Symantec still pushes Norton.

[Guest]

Also, to any one saying their AV is bad; it isn't. its the way they market it.

 

https://www.av-test.org/en/antivirus/home-windows/windows-7/august-2015/norton-norton-security-2015-153228/

[Syntaxvgm]

Also, to any one saying their AV is bad; it isn't. its the way they market it.

 

https://www.av-test.org/en/antivirus/home-windows/windows-7/august-2015/norton-norton-security-2015-153228/

no shit 

[Dabombinable]

If I do a bunch of amazing things for millions of people but I also shoot a kid in the face once a week, I'm terrible person. I still shoot kids in the face. 

Symantec still pushes Norton.

They pushed Nortan on both of the discs for my Asus H87M Pro and Z97 Sabertooth MKII, they pushed it on my old laptop from 2003, they pushed it on my newer laptop from 2009. And I've yet to see an instance where their AV hasn't been a bloated POS that keeps on missing things.

[Guest]

no shit 

Yeah.

 

Symantec is a shit company, but my response to the OP:

 

Why didn't Google Authenticate their certs with ICANN.

[Samfisher]

They pushed Nortan on both of the discs for my Asus H87M Pro and Z97 Sabertooth MKII, they pushed it on my old laptop from 2003, they pushed it on my newer laptop from 2009. And I've yet to see an instance where their AV hasn't been a bloated POS that keeps on missing things.

Every AV in existence, past and future, will miss things. 

 

 

 

Yeah.

 

Symantec is a shit company, but my response to the OP:

 

Why didn't Google Authenticate their certs with ICANN.

 

I believe very few companies actually have the authority to issue certs, and those certs are universally trusted cos the companies that have the authority are generally trusted.  Who knows

[Clyne]

Ehh at least their AV does something

 

Also, to any one saying their AV is bad; it isn't. its the way they market it.

 

https://www.av-test.org/en/antivirus/home-windows/windows-7/august-2015/norton-norton-security-2015-153228/

Free Norton 360 from Comcast for me...so basically 2 scumbag companies that other people think but i'm fine with.

[SurvivorNVL]

Norton and Kaspersky both did the same thing once upon a time to my x58 and x79 builds--the anti-virus screwed, attacked itself after an update, and then somehow corrupted and killed the USB drivers, video drivers, and sound drivers.  

Oddly enough that has happened to a few people I know as well.  Might be Florida luck, but ESET and F-Secure never fail me.

Make them squirm - Google overlords.  Make.
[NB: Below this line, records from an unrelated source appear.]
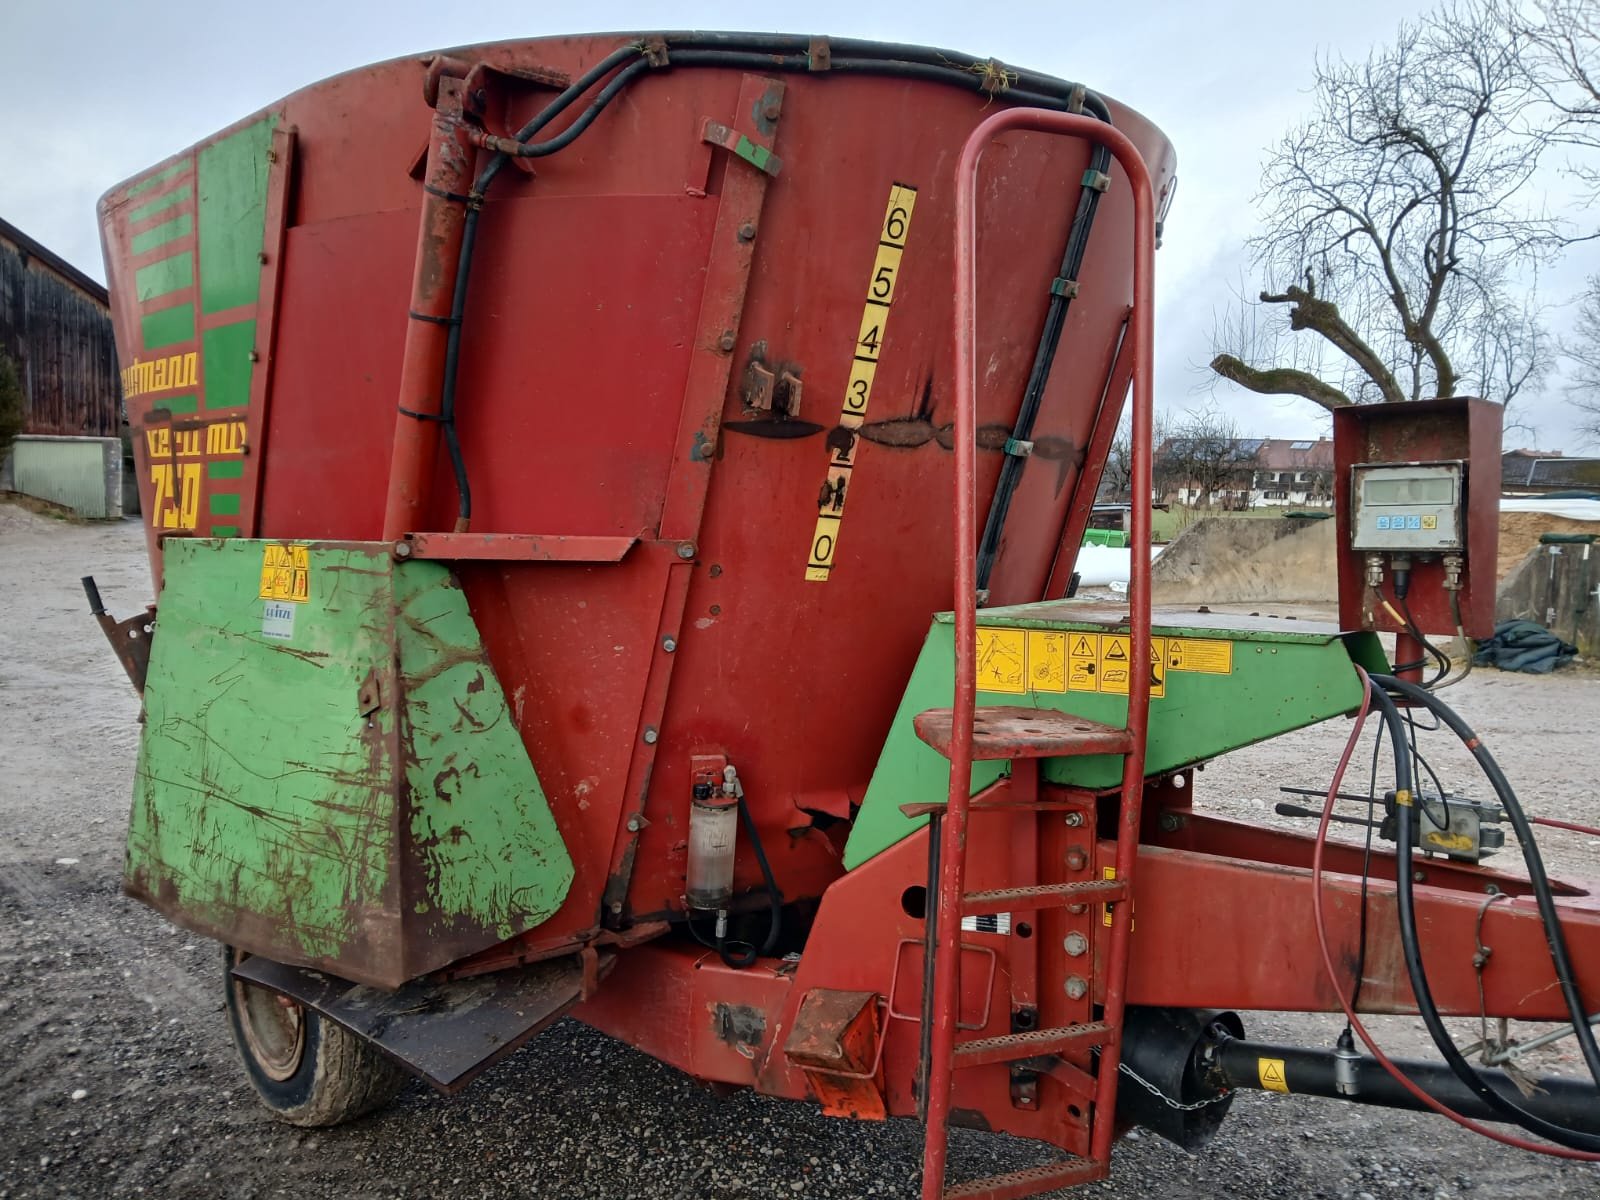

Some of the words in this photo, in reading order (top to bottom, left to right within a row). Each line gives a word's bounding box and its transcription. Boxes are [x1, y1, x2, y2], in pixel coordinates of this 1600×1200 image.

[886, 207, 907, 240] 6
[872, 266, 892, 298] 5
[860, 325, 879, 354] 4
[847, 380, 867, 409] 3
[151, 463, 202, 529] 750
[813, 534, 833, 562] 0
Them. Squirm.

[Dabombinable]

Every AV in existence, past and future, will miss things. 

 

 

 

 

I believe very few companies actually have the authority to issue certs, and those certs are universally trusted cos the companies that have the authority are generally trusted.  Who knows

I've had free Antivirus pick up what Norton missed.

[Samfisher]

I've had free Antivirus pick up what Norton missed.

 

And it would miss something else that Norton will not, there's 0 AV in the world that can catch everything.

[Guest Generallee]

Can Symantec die? Please?

 

They also do security analysis

 

and they're pretty good at it

 

Their AV can just go die in a hole*

[bobhays]

Their Av business is downright wrong and borderline a scam. Have you bought a consumer PC lately? 
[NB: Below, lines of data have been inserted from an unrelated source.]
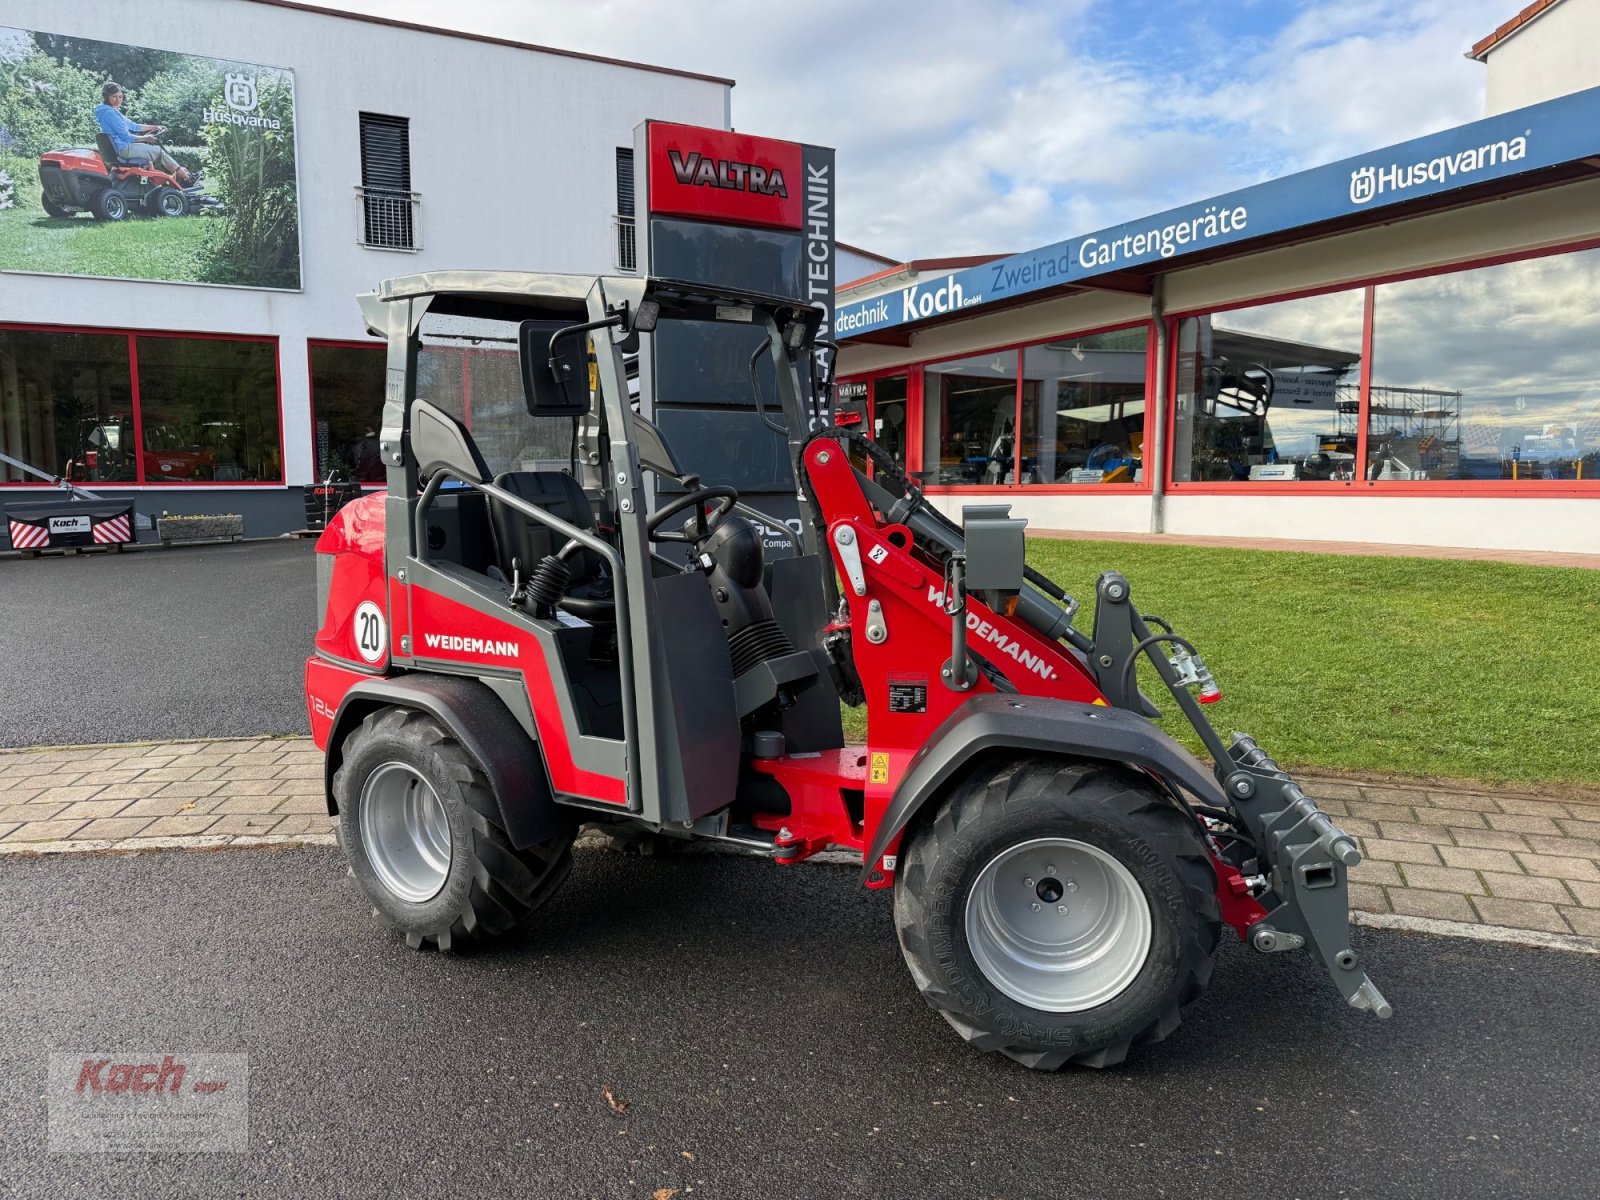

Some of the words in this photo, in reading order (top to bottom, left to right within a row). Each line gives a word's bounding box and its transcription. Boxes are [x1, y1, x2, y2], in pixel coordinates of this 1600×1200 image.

[203, 107, 281, 129] Husqvarna
[668, 150, 788, 198] VALTRA
[1378, 136, 1526, 194] Husqvarna
[835, 299, 889, 334] dtechnik
[903, 275, 963, 322] Koch
[963, 295, 982, 306] GmbH
[53, 519, 78, 527] Koch
[763, 538, 793, 550] Compa
[361, 612, 379, 651] 20
[425, 633, 519, 658] WEIDEMANN
[927, 585, 1053, 680] WDEMANN
Their shit is reloaded with a  free trial and you have to use a removal tool to get rid of it. Which leads regulars uses to believe that they need to renew it or deal with it's popups. 

Been their tactic for years

Fuck them. They can die out. 

Lenovo too. 

What's wrong with lenovo?

[Samfisher]

What's wrong with lenovo?

They had this adware/spyware bundled in their systems.

[Nowak]

Norton, which is made by Symantec, is shit, so by extension, Symantec is shit.
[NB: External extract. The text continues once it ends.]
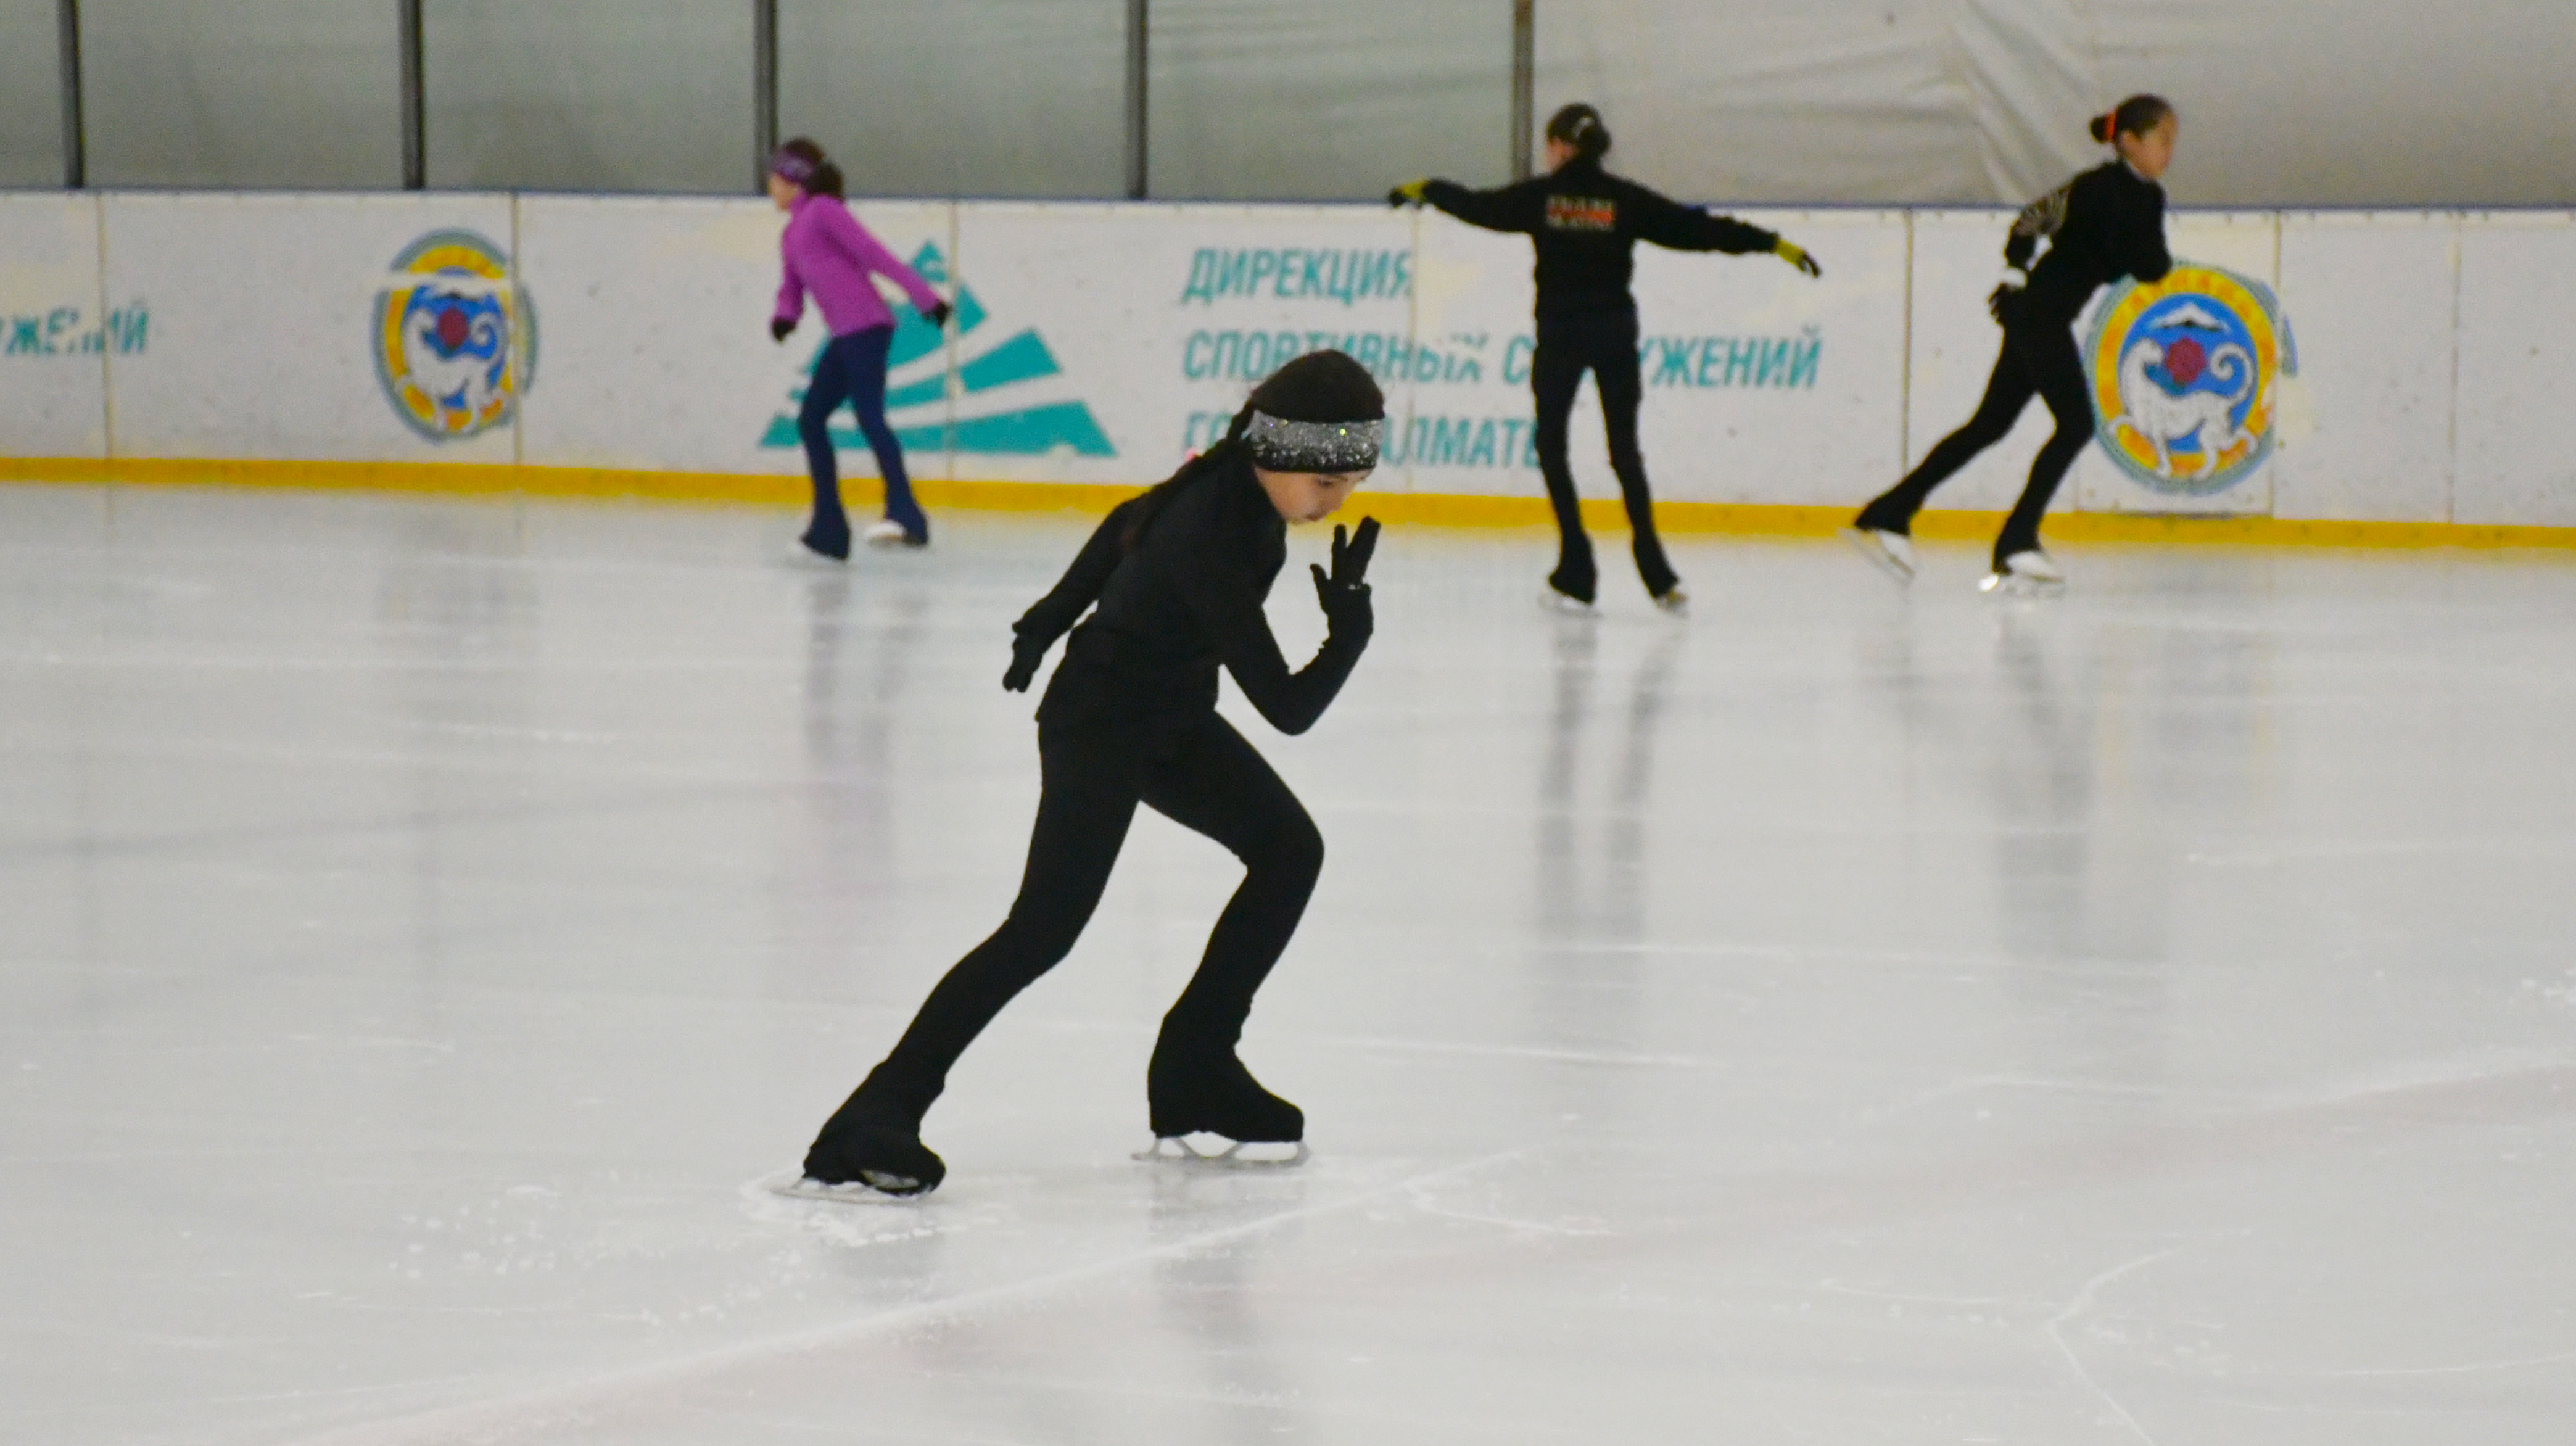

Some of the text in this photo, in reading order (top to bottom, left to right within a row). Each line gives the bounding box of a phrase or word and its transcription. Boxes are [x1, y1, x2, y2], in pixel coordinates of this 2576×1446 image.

[1181, 249, 1411, 306] ДИРЕКЦИЯ
[1503, 324, 1822, 388] СЖЕНИЙ
[1381, 416, 1538, 468] ЛМАТ
Symantec's security research and analysis half is good, but their business half... ugh, I'd rather use the built-in antivirus in Windows 8/10.

[QueenDemetria]

They had this adware/spyware bundled in their systems.

And have got caught twice now.

[Nexxus]

What's wrong with lenovo?

The thinkpad 2-1 I had was also bar none the worst computer ive ever used with its faults and not working as it should.